▶ **Input material**:
>>>>

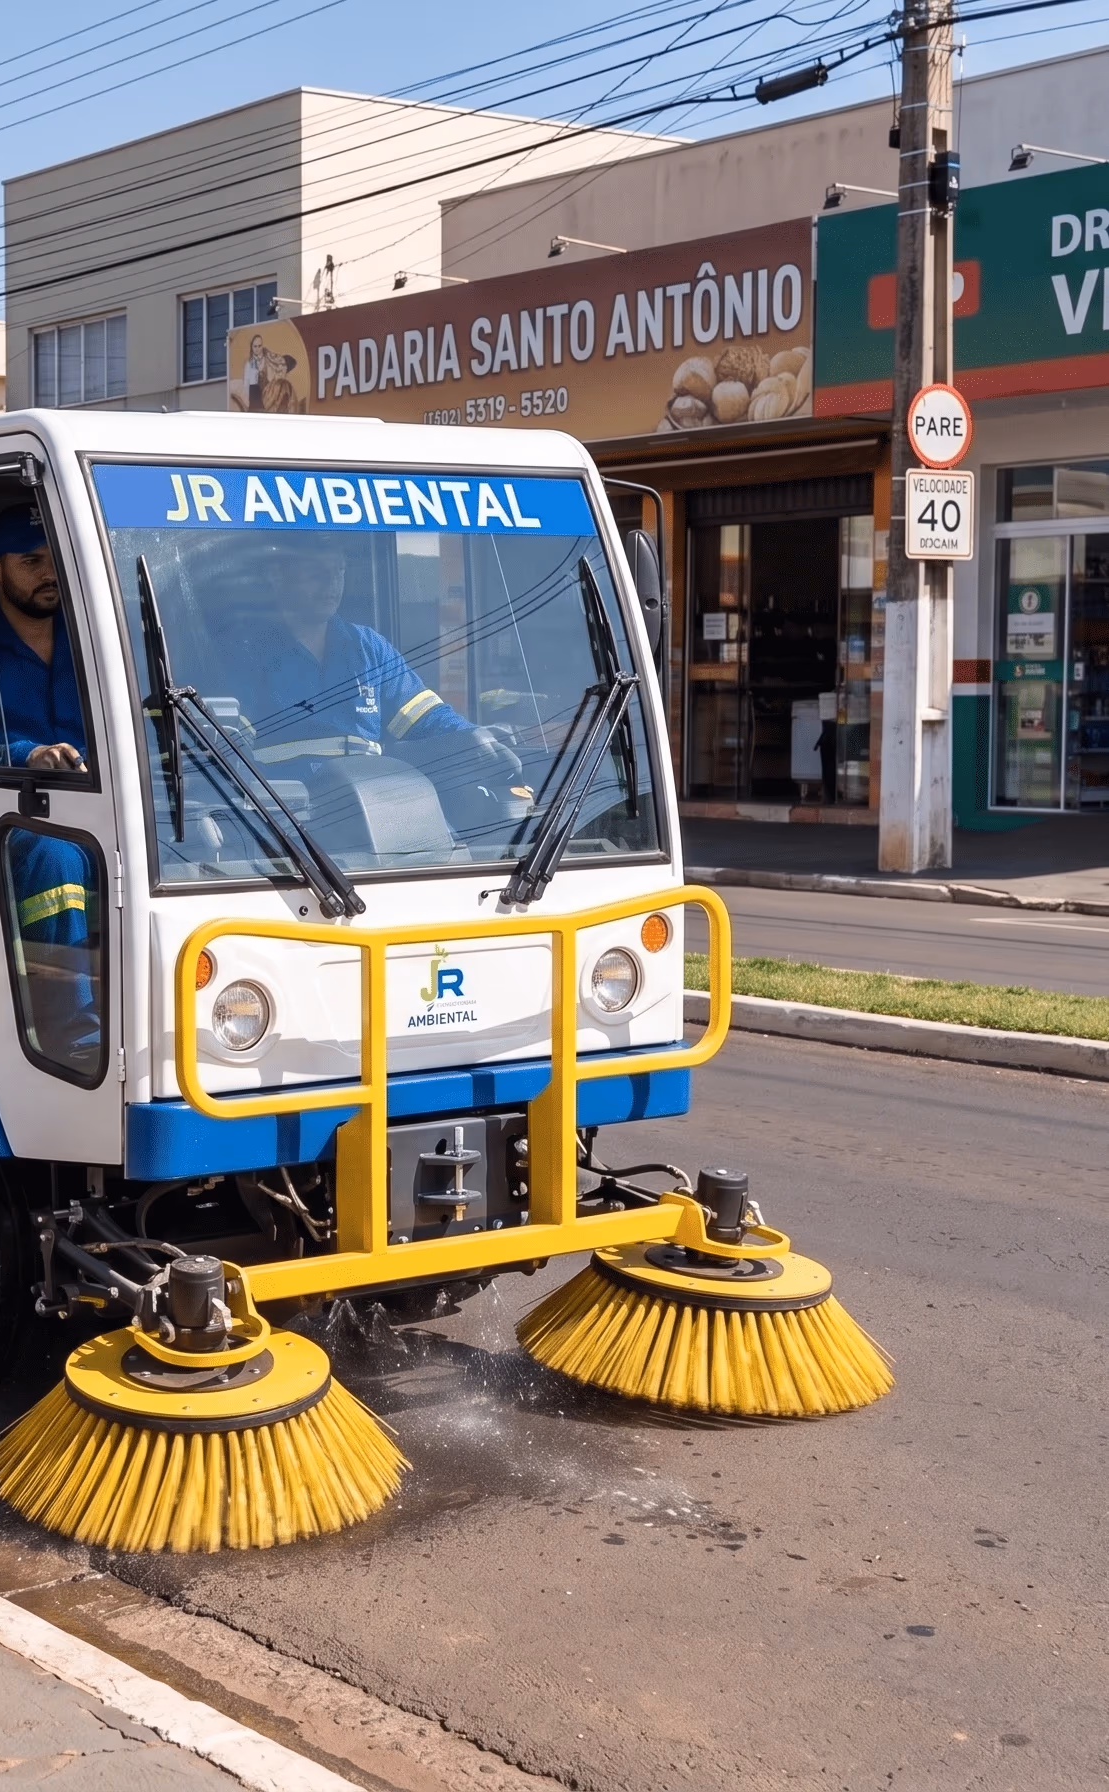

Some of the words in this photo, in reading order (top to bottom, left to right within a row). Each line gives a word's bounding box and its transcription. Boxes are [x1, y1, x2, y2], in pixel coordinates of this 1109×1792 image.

[317, 323, 461, 399] PADARIA
[470, 299, 595, 376] SANTO
[605, 261, 803, 357] ANTÔNIO
[466, 395, 506, 423] 5319
[520, 387, 568, 416] 5520
[915, 416, 963, 436] PARE
[166, 474, 231, 522] JR
[244, 476, 542, 528] AMBIENTAL
[913, 478, 968, 495] VELOCIDADE
[917, 500, 961, 532] 40
[420, 960, 464, 1001] JR
[408, 1010, 478, 1028] AMBIENTAL
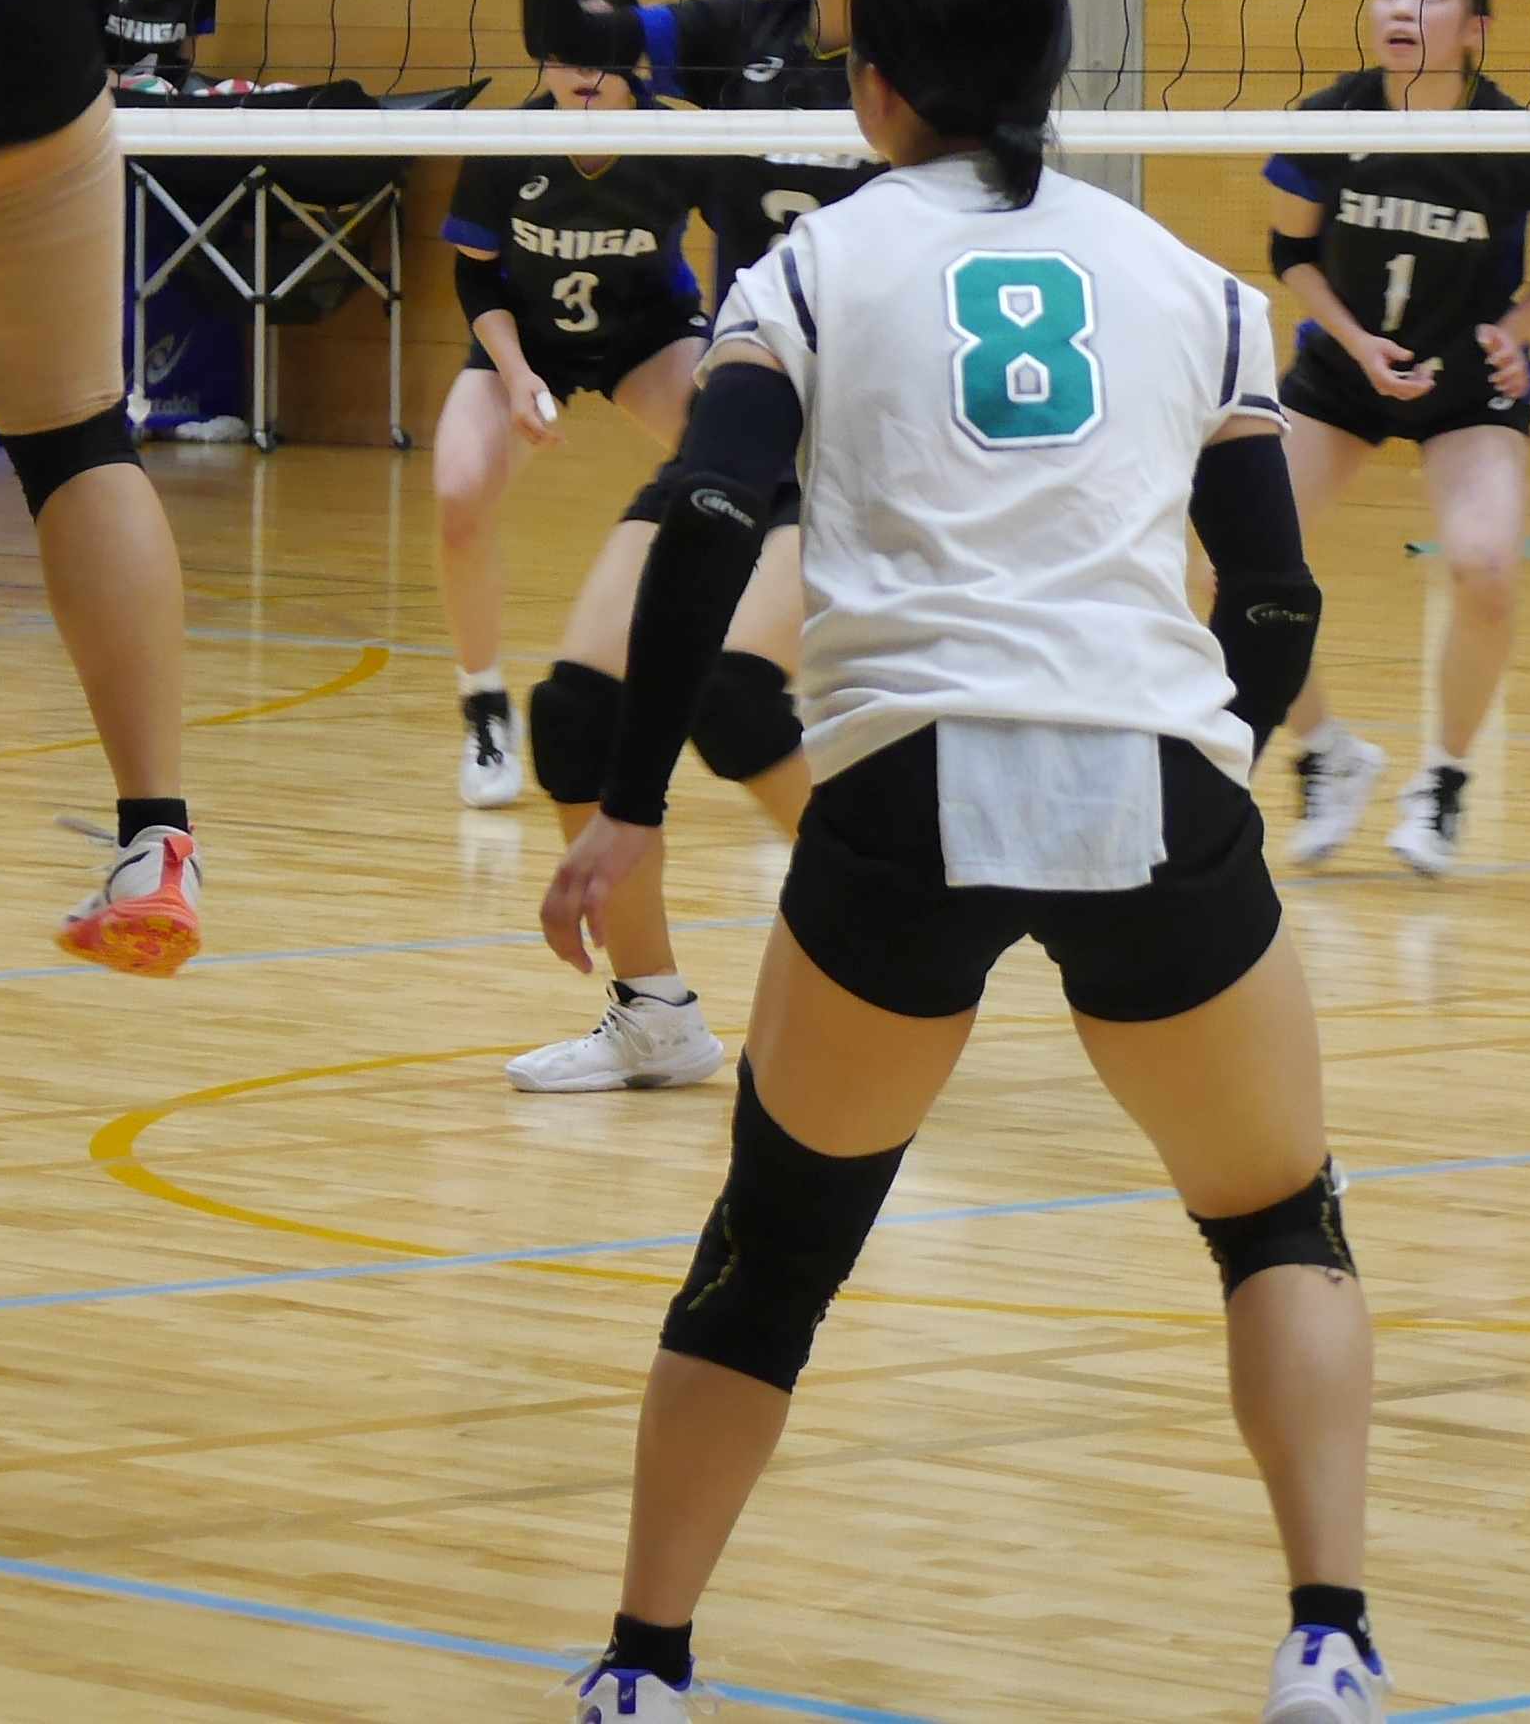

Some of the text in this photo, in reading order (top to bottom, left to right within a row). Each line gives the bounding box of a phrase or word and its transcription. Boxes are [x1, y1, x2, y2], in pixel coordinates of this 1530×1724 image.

<<<<

▶ **Task item**: Exact transcription of the full listing above is required; images do not belong in it.

▶ **Answer to this exercise**:
Some of the words in this photo, in reading order (top to bottom, left to right within a row). Each line gives a word's bounding box and its transcription. Boxes are [x1, y1, x2, y2], in pixel coordinates of this 1109×1792 image.

[317, 323, 461, 399] PADARIA
[470, 299, 595, 376] SANTO
[605, 261, 803, 357] ANTÔNIO
[466, 395, 506, 423] 5319
[520, 387, 568, 416] 5520
[915, 416, 963, 436] PARE
[166, 474, 231, 522] JR
[244, 476, 542, 528] AMBIENTAL
[913, 478, 968, 495] VELOCIDADE
[917, 500, 961, 532] 40
[420, 960, 464, 1001] JR
[408, 1010, 478, 1028] AMBIENTAL

Some of the text in this photo, in reading order (top to bottom, left to right within a row). Each line gives the bounding box of a phrase or word and its transcription. Boxes are [x1, y1, x2, y2], in pixel coordinates of this 1530×1724 image.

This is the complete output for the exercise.